Type II cells start to develop at about 26 weeks of gestation, secreting small amounts of surfactant. However, adequate amounts of surfactant are not secreted until about 35 weeks of gestation – this is the main reason for increased rates of infant respiratory distress syndrome, which drastically reduces at ages above 35 weeks gestation.
Type II cells are also capable of cellular division, giving rise to more type I and II alveolar cells when the lung tissue is damaged.
MUC1, a human gene associated with type II pneumocytes, has been identified as a marker in lung cancer.

Alveolar macrophages

The alveolar macrophages reside on the internal lumenal surfaces of the alveoli, the alveolar ducts, and the bronchioles. They are mobile scavengers that serve to engulf foreign particles in the lungs, such as dust, bacteria, carbon particles, and blood cells from injuries. They are also called dust cells.

Clinical significance

Diseases

Surfactant

Insufficient surfactant in the alveoli is one of the causes that can contribute to atelectasis. Without pulmonary surfactant, atelectasis is a certainty. Insufficient surfactant in the lungs of preterm infants causes infant respiratory distress syndrome.
Impaired surfactant regulation can cause an accumulation of surfactant proteins to build up in the alveoli in a condition called pulmonary alveolar proteinosis. This results in impaired gas exchange.

Inflammation

is an inflammatory condition of the lung parenchyma, which can be caused by both viruses and bacteria. Cytokines and fluids are released into the alveolar cavity, interstitium, or both, in response to infection, causing the effective surface area of gas exchange to be reduced. In severe cases where cellular respiration cannot be maintained, supplemental oxygen may be required.
Almost any type of lung tumor or lung cancer can compress the alveoli and reduce gas exchange capacity. In some cases the tumor will fill the alveoli.
A pulmonary contusion is a bruise of the lung tissue caused by trauma.
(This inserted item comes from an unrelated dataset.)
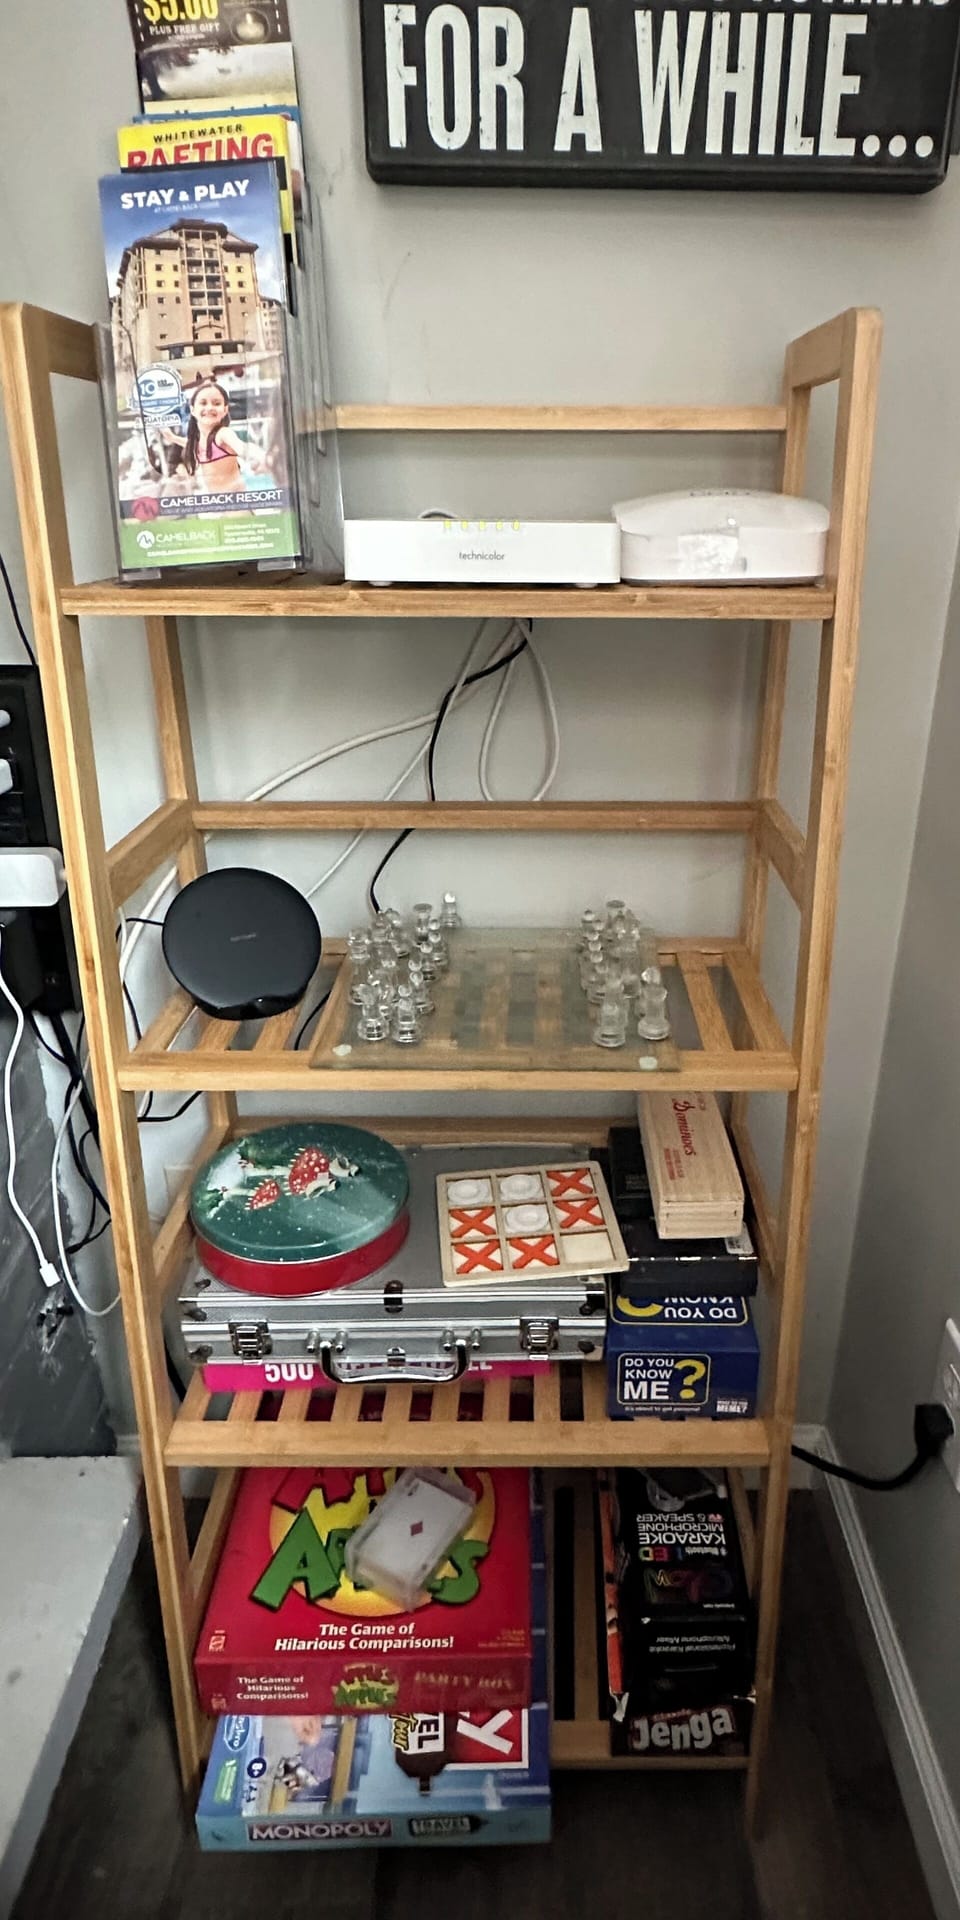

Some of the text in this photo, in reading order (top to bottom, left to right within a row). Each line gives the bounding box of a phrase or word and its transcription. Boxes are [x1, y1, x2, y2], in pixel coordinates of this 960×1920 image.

Damaged capillaries can cause blood and other fluids to accumulate in the tissue of the lung, impairing gas exchange.
Pulmonary edema is the buildup of fluid in the parenchyma and alveoli usually caused by left ventricular heart failure, or by damage to the lung or its vasculature.

Coronavirus

Because of the high expression of angiotensin-converting enzyme 2 in type II alveolar cells, the lungs are susceptible to infections by some coronaviruses including the viruses that cause severe acute respiratory syndrome and coronavirus disease 2019.